# electric jack hammer vrs air jack hammer



## joelowrider (Dec 29, 2011)

I have tried to break up a very heavy duty concrete slab we had a electric hammer and it just took way to long to do anything 

Is a air jackhammer any better


----------



## joecaption (Nov 30, 2011)

Depends, if you rent a portable compressor and an 80 lb. jack hammer or just try and use some little air chisle that's good for small jobs.


----------



## joelowrider (Dec 29, 2011)

What we are looking at renting is a 100cfm portable compressor and a 90lb jack hammer

We own a 55lb elec jack and it would take weeks to bust this 

(it is a old footer 18in x18in 20 ft long)

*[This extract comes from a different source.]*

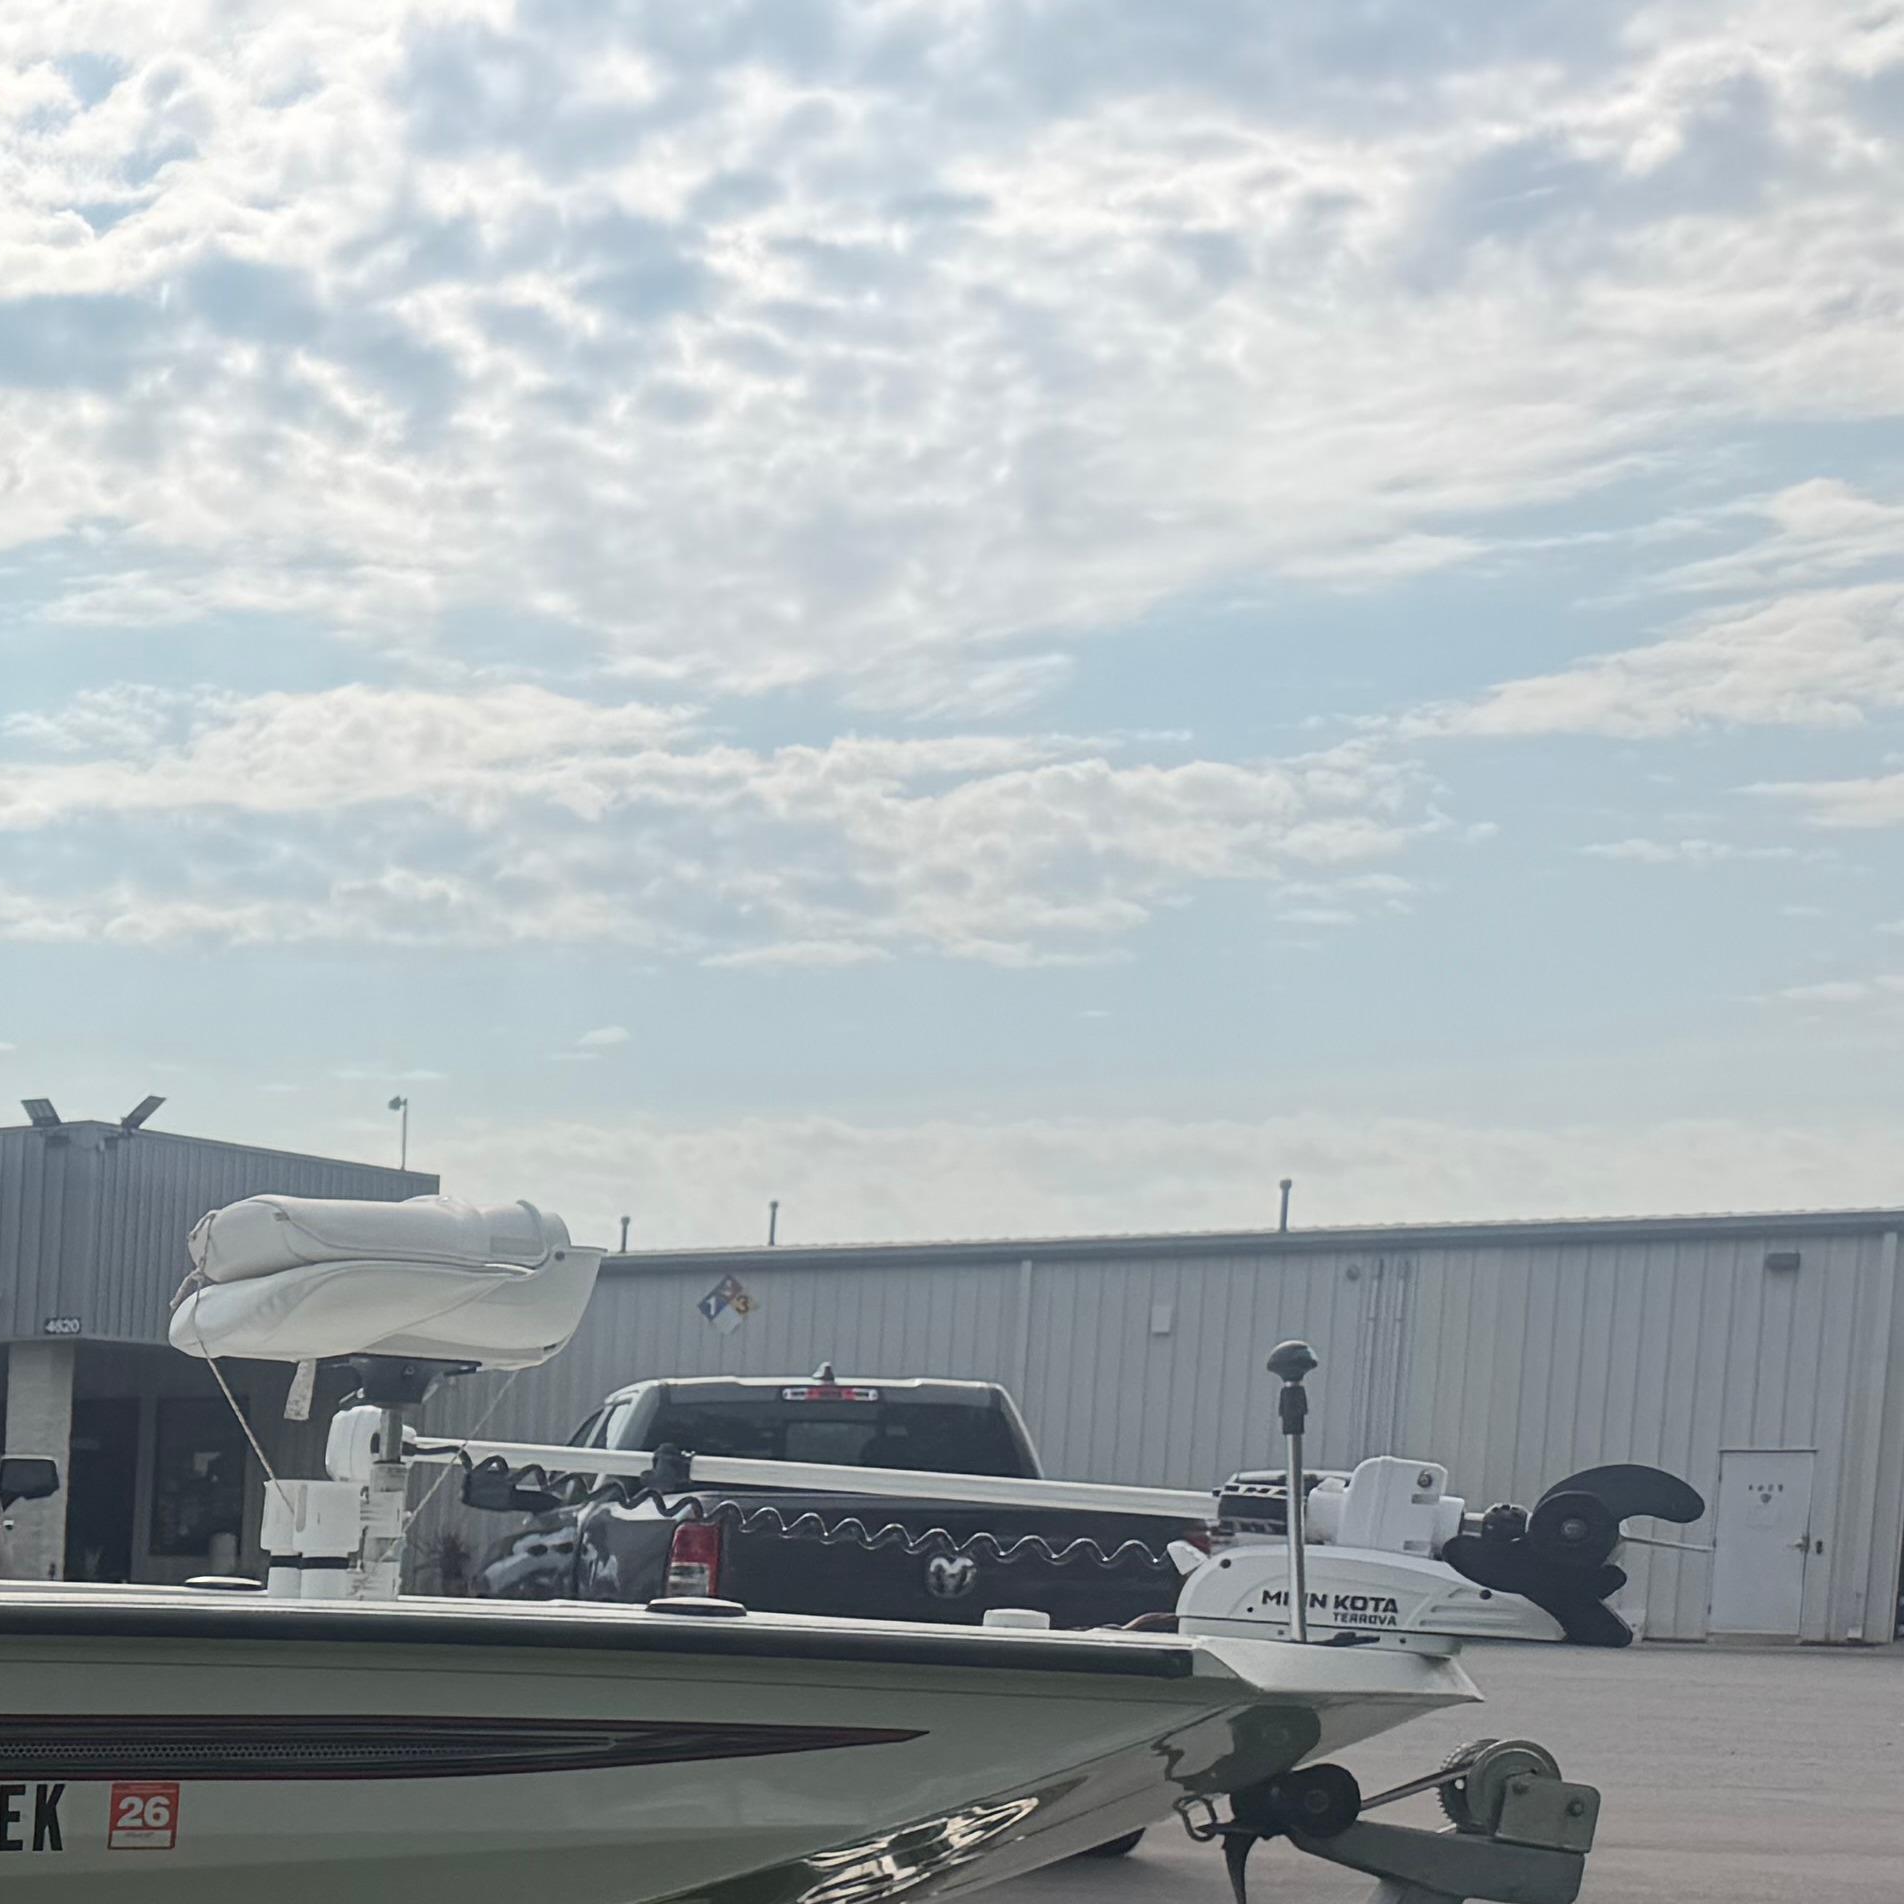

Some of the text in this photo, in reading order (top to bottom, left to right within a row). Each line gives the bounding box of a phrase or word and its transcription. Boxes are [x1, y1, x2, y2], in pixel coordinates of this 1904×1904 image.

[1261, 1590, 1399, 1614] MIN KOTA
[1333, 1612, 1398, 1627] TERROVA
[116, 1795, 171, 1828] 26

I am just worried I am wasting my money with a air jack and I just need to pay for a ram hoe


----------



## AtlanticWBConst. (May 12, 2006)

joelowrider said:


> What we are looking at renting is a 100cfm portable compressor and a 90lb jack hammer
> 
> We own a 55lb elec jack and it would take weeks to bust this
> 
> ...


Simple: Compare the prices (get the quotes).


----------



## sevenlol (Aug 8, 2011)

is this an area that you can get a bobcat or mini-excavator into? a breaker on either of those will make a world of difference.

but for your question, yes, an air hammer is much more powerful than any electric of similar size. the larger air's are easier to handle as well.


----------



## Ravenworks (Oct 31, 2010)

Get a mini with a breaker on it and be done with it,it will cost you about $200 for a day if you get in on a sat and take it back on a monday


----------



## TarheelTerp (Jan 6, 2009)

Ravenworks said:


> Get a mini with a breaker on it and be done with it,it will cost you about $200 for a day if you get in on a sat and take it back on a monday


or hire a young guy for $75 to use the electric...
and then load it all into the wheelbarrow and cart off too.
(btw that front "walk" is all between 6" and 8" deep)





Of course having a spot 20 feet away to put all that concrete helps too


----------



## jomama45 (Nov 13, 2008)

An air-powered jack hammer is far more powerful than an electric one. It may cost a little more, because it requires a fairly large air compressor but it will be many times more productive than an electric hammer.

Of course, if you have the chance to rent one, a 500#+ hyraulic breaker on a skid loader or mini excavator is even faster, an easier on the body.........


----------